**WHAT IS REQUIRED**
Output the listing below exactly, minus its images.

----- INFORMATION -----

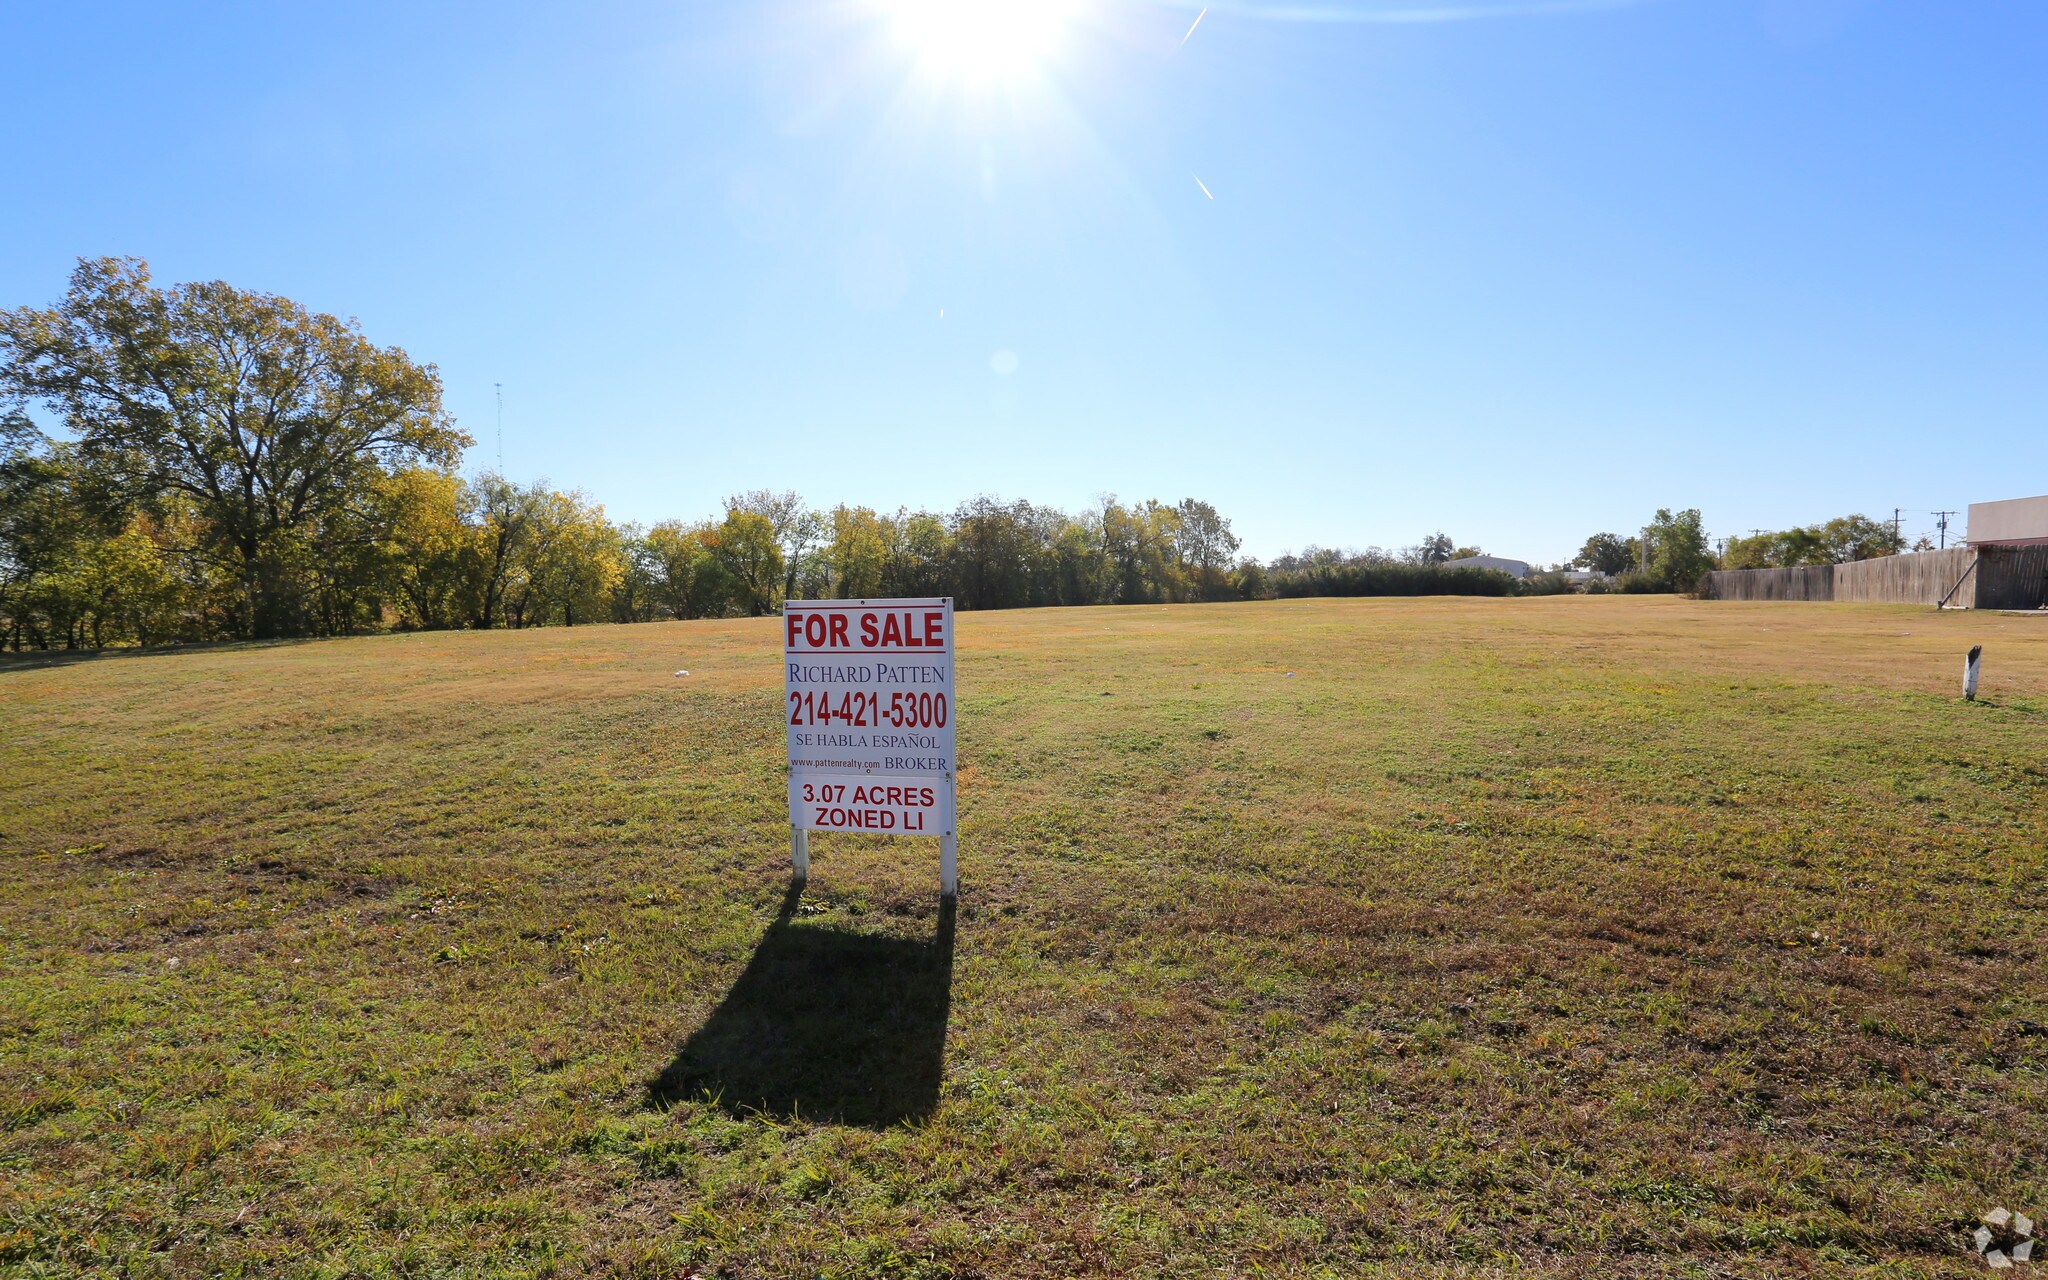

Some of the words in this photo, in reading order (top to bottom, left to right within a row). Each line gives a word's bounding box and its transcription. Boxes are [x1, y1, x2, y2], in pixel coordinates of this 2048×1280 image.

[787, 613, 851, 648] FOR
[860, 612, 944, 648] SALE
[788, 663, 871, 683] RICHARD
[876, 663, 945, 683] PATTEN
[790, 691, 947, 728] 214-421-5300
[796, 733, 813, 746] SE
[817, 734, 868, 748] HABLA
[872, 732, 941, 749] ESPAÑOL
[791, 758, 880, 770] www.pattenrealty.com
[885, 756, 948, 771] BROKER
[803, 783, 846, 803] 3.07
[852, 785, 935, 807] ACRES
[815, 807, 896, 829] ZONED
[904, 811, 923, 831] LI
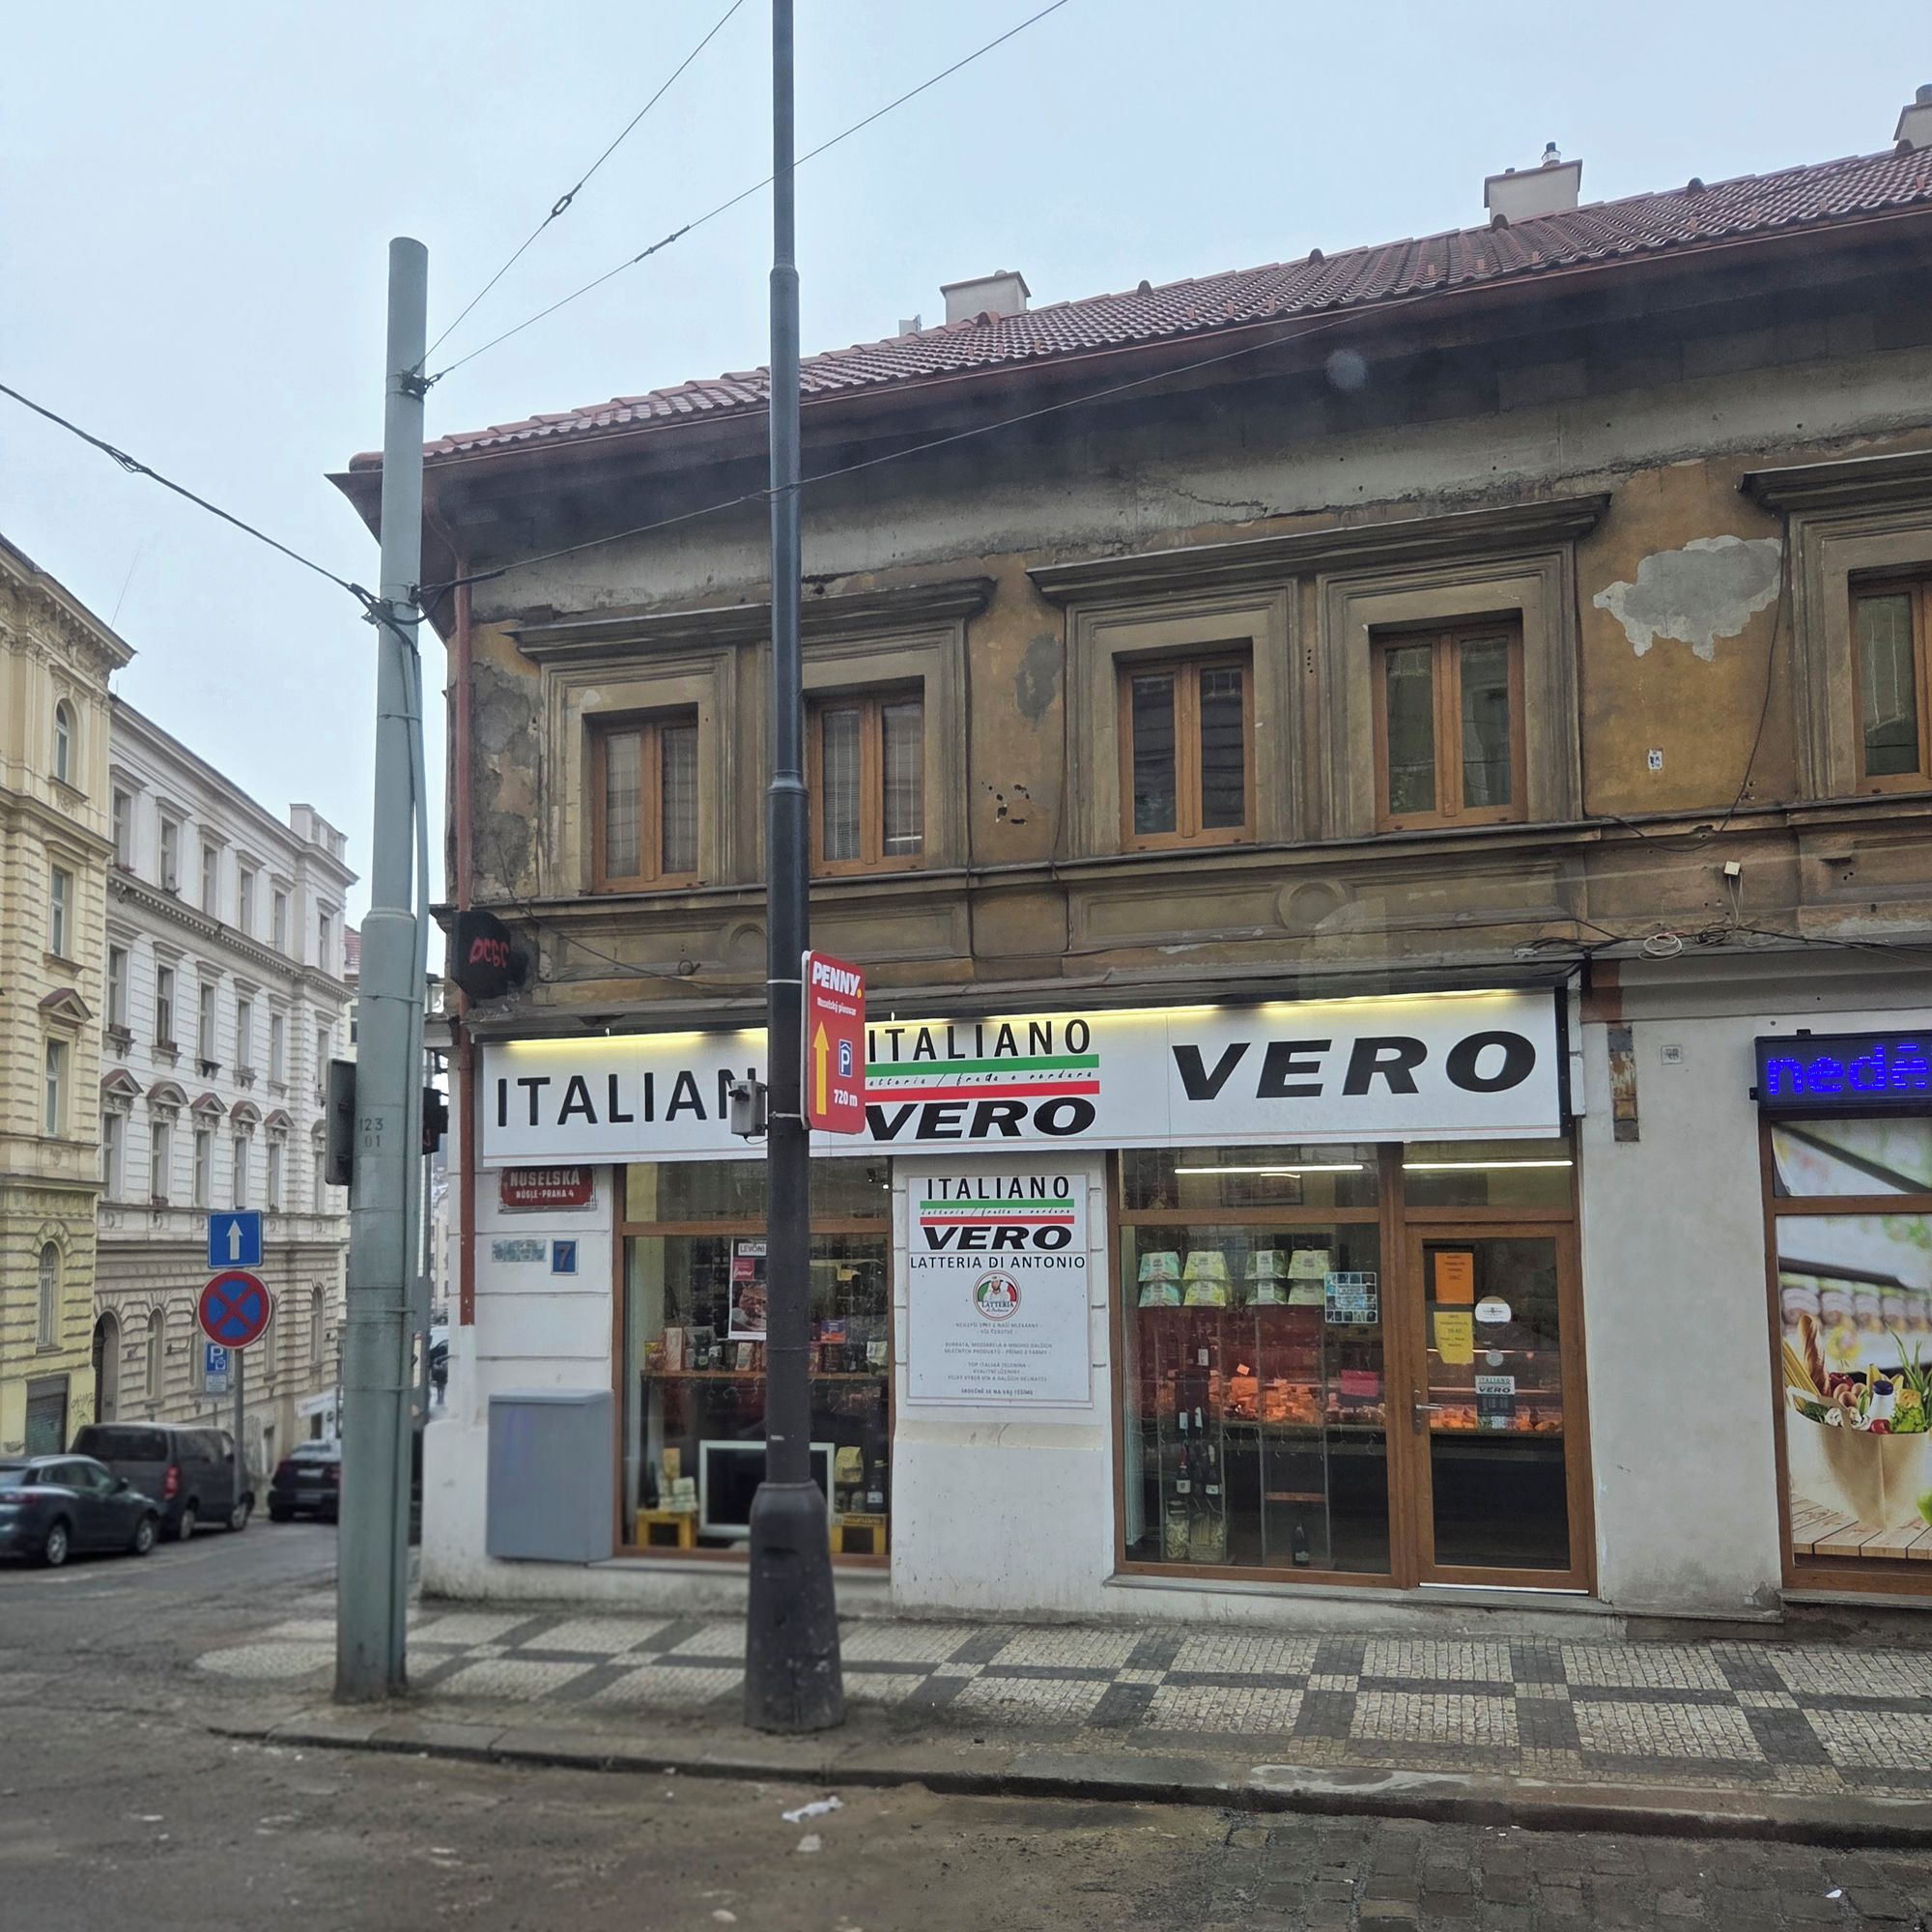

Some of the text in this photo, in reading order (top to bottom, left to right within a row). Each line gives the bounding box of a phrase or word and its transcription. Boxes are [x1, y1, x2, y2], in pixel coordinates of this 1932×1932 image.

-----

**ANSWER TO THE EXERCISE**
Some of the words in this photo, in reading order (top to bottom, left to right within a row). Each line gives a word's bounding box and its transcription. Boxes are [x1, y1, x2, y2], in pixel coordinates of this 2048×1280 image.

[787, 613, 851, 648] FOR
[860, 612, 944, 648] SALE
[788, 663, 871, 683] RICHARD
[876, 663, 945, 683] PATTEN
[790, 691, 947, 728] 214-421-5300
[796, 733, 813, 746] SE
[817, 734, 868, 748] HABLA
[872, 732, 941, 749] ESPAÑOL
[791, 758, 880, 770] www.pattenrealty.com
[885, 756, 948, 771] BROKER
[803, 783, 846, 803] 3.07
[852, 785, 935, 807] ACRES
[815, 807, 896, 829] ZONED
[904, 811, 923, 831] LI

Some of the text in this photo, in reading order (top to bottom, left to right within a row). Each line gives the bounding box of a phrase or word and its transcription. Boxes are [x1, y1, x2, y2], in pixel coordinates of this 1932×1932 image.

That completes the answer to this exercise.